Whether or not people are in fact being exposed to the chemicals is a point of contention between industry and scientists. Another study from the Nicholas School of the Environment published in 2017 in Environmental Science & Technology estimated that between 2 and 16 percent of fracking wells in four states spilled contaminated water or fracking fluids into the environment between 2005 and 2014. An EPA study released in 2016 concluded that in some circumstances, fracking contaminated drinking water, which other academic studies have found as well, though the extent and scope is not known.
The Independent Petroleum Producers of America refutes claims of widespread contamination and argues that marinating cells in fracking chemicals has little relevance to human health.
But Kassotis thinks the experiment is significant. “There are definitely limitations to in vitro or cell studies.

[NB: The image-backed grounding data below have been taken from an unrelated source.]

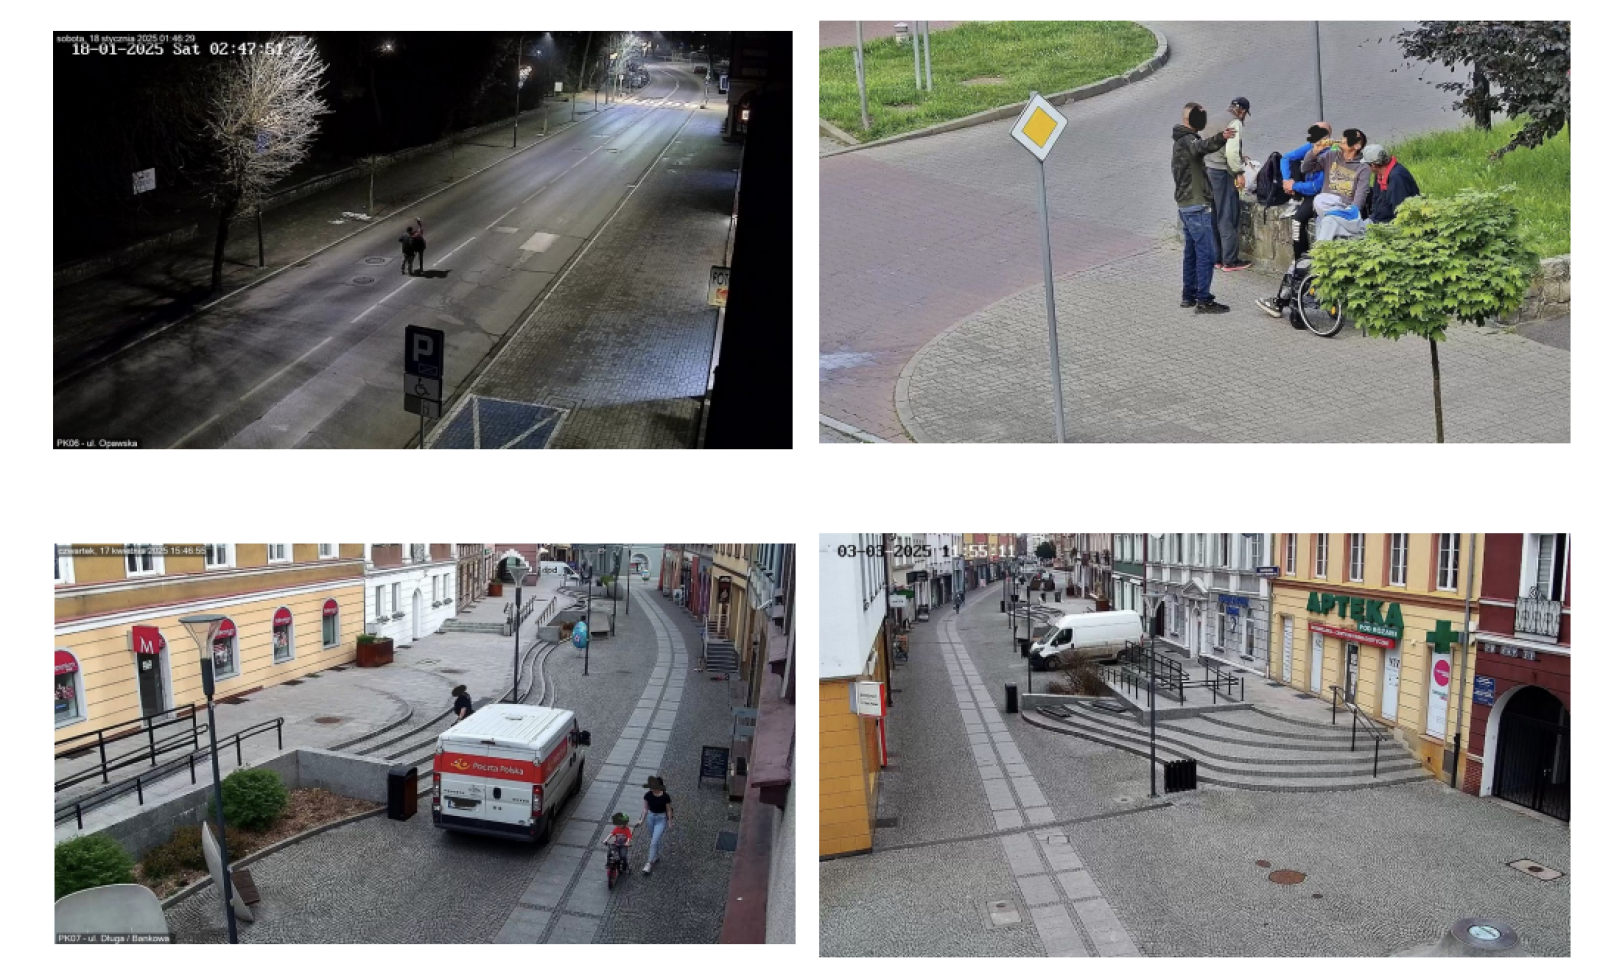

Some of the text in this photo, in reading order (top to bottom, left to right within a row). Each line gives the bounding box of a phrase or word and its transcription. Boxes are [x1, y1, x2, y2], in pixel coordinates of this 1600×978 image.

[414, 333, 434, 362] P
[1306, 592, 1404, 630] APTEKA
[140, 636, 154, 654] M
[472, 762, 524, 776] Poczta Polska
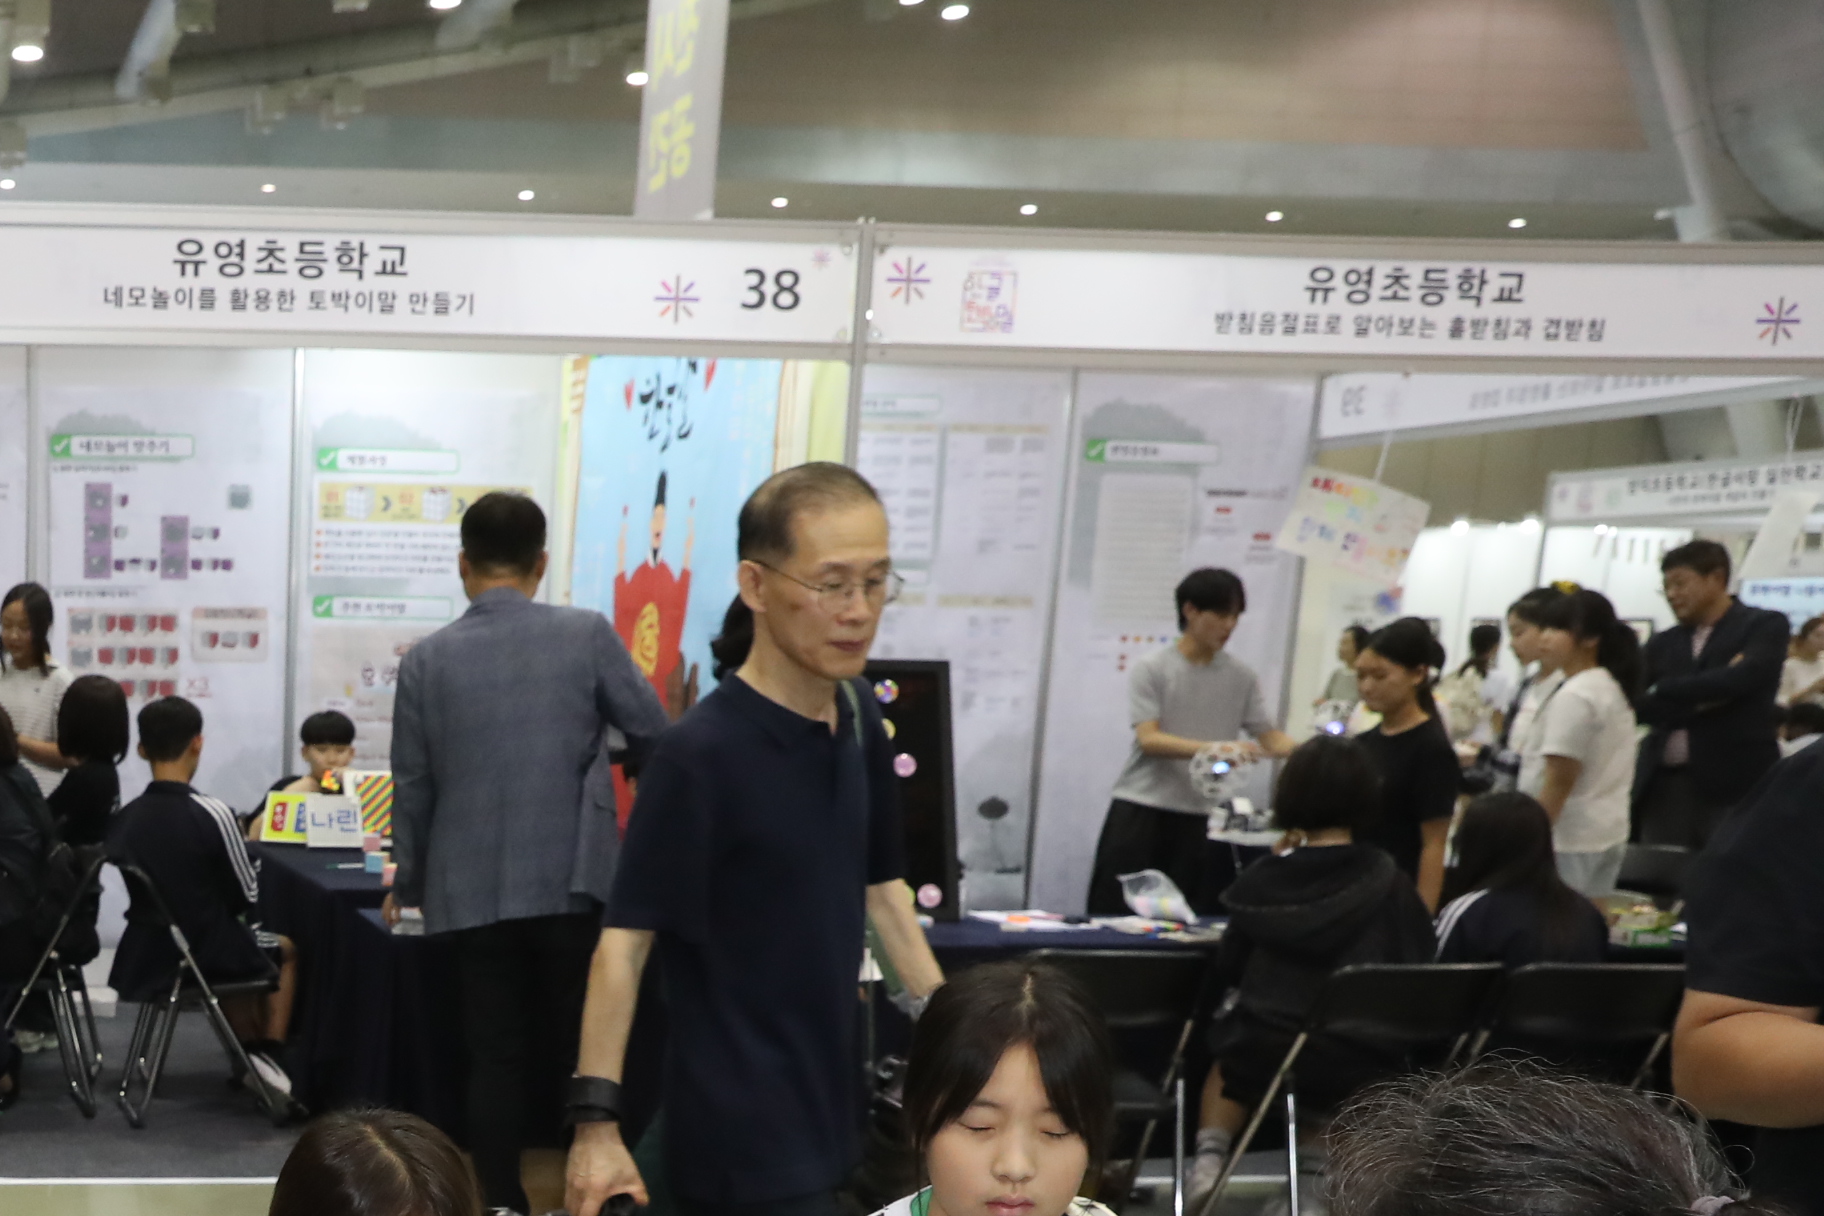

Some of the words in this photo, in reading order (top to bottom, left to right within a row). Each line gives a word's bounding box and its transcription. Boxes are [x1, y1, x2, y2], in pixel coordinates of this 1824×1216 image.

You could argue that there is a lack of relevance in terms of exposing cells constantly to 23 chemicals,” he says. “I think you can also make the argument that people living in these regions are probably exposed to these chemicals regularly. These chemicals could end up in people’s water, so there may be oral exposure through drinking the water. There could be dermal exposure by bathing and washing and cleaning, and there could be inhalation exposure since lots of these chemicals are volatile.”
“There’s still a lot we don’t know,” Kassotis says. “We don’t know the levels people are being exposed to these chemicals; the biomonitoring studies have just not been done. And we don’t know enough about all the chemicals,” he says. “So it’s hard to draw a clear translation to whether we would expect effects in people.”
Kassotis says he hopes those types of studies take place soon. He also plans to continue looking at the metabolic effects of these chemicals. He is working with chemists to figure out just which of the 1,000 compounds used by fracking companies in their wells act as endocrine disruptors. That research will become even more critical in the years ahead—as fracking continues to boom in the United States, energy companies are beginning to launch large-scale fracking projects in other parts of the world.